##### Material supplied

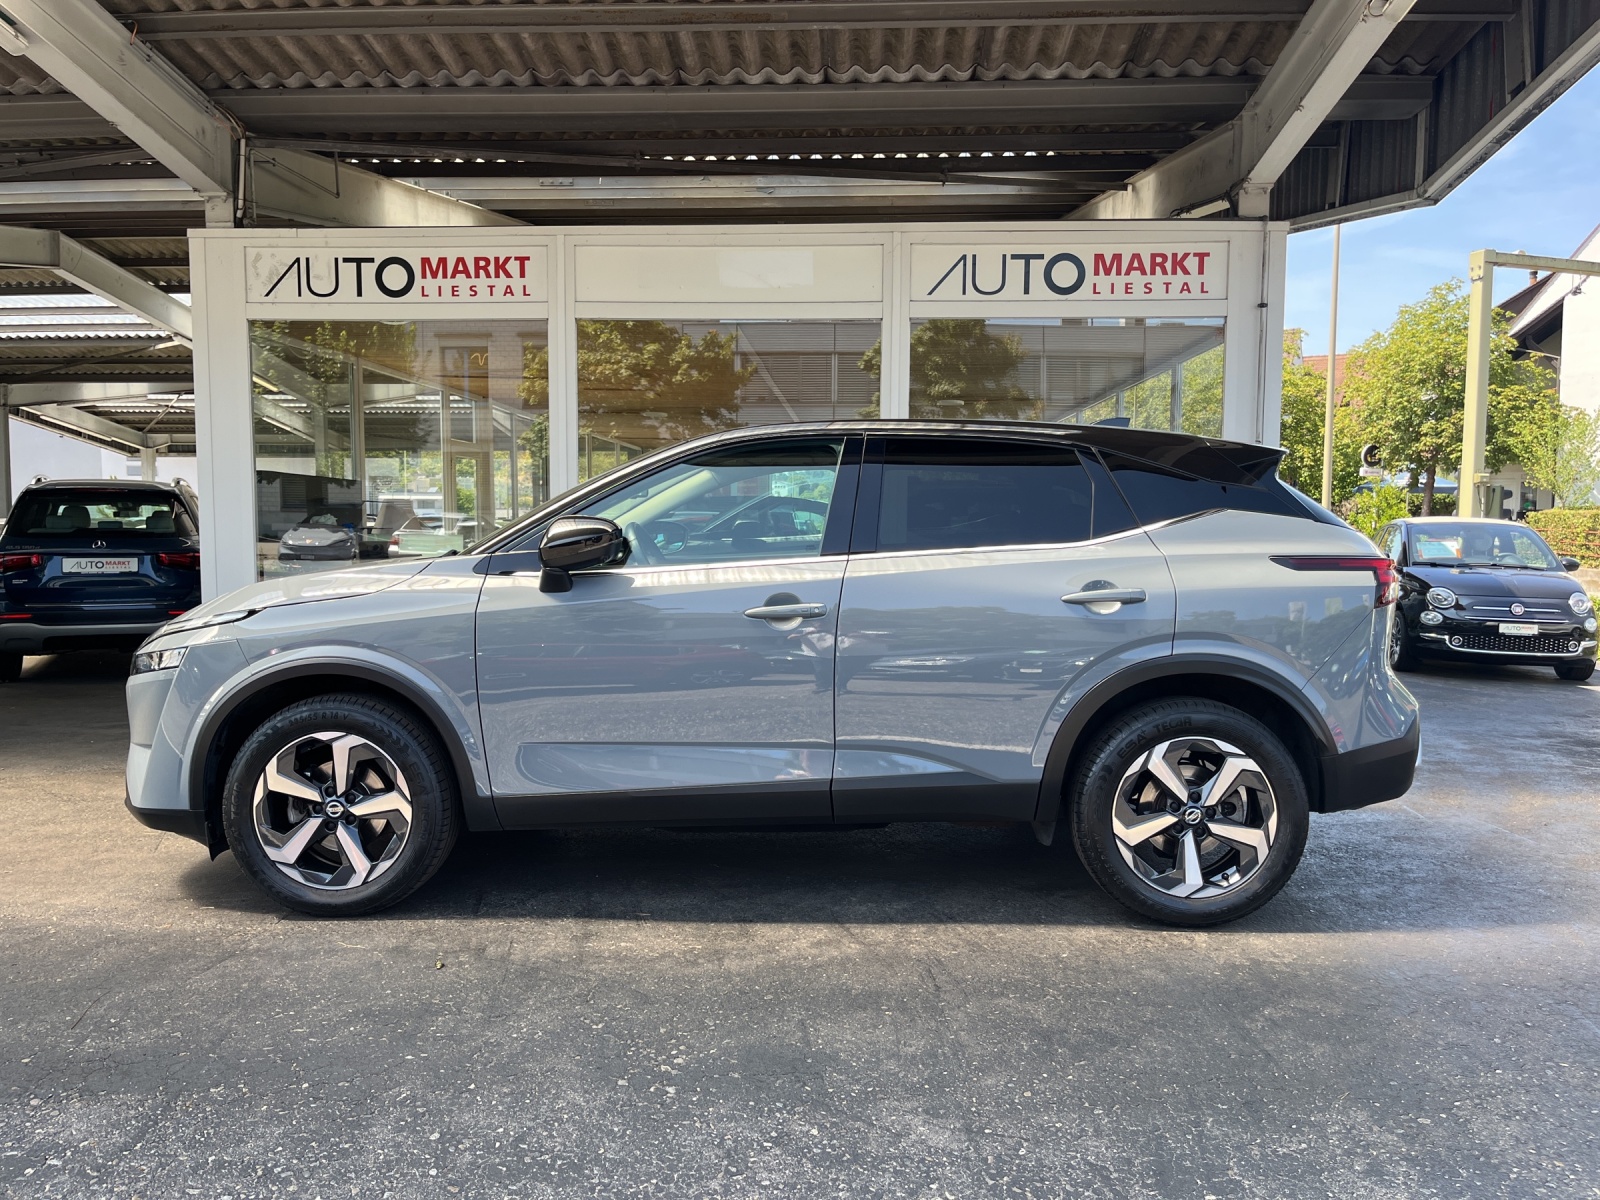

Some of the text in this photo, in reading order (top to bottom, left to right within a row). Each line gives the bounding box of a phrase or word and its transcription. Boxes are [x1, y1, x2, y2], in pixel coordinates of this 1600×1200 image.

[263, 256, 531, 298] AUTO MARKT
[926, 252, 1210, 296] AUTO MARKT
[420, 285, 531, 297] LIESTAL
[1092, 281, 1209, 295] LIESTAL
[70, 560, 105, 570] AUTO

##########

**Task description**
Repeat all entries exactly, pictures excluded.

**Answer section**
Some of the text in this photo, in reading order (top to bottom, left to right within a row). Each line gives the bounding box of a phrase or word and its transcription. Boxes are [x1, y1, x2, y2], in pixel coordinates of this 1600×1200 image.

[263, 256, 531, 298] AUTO MARKT
[926, 252, 1210, 296] AUTO MARKT
[420, 285, 531, 297] LIESTAL
[1092, 281, 1209, 295] LIESTAL
[70, 560, 105, 570] AUTO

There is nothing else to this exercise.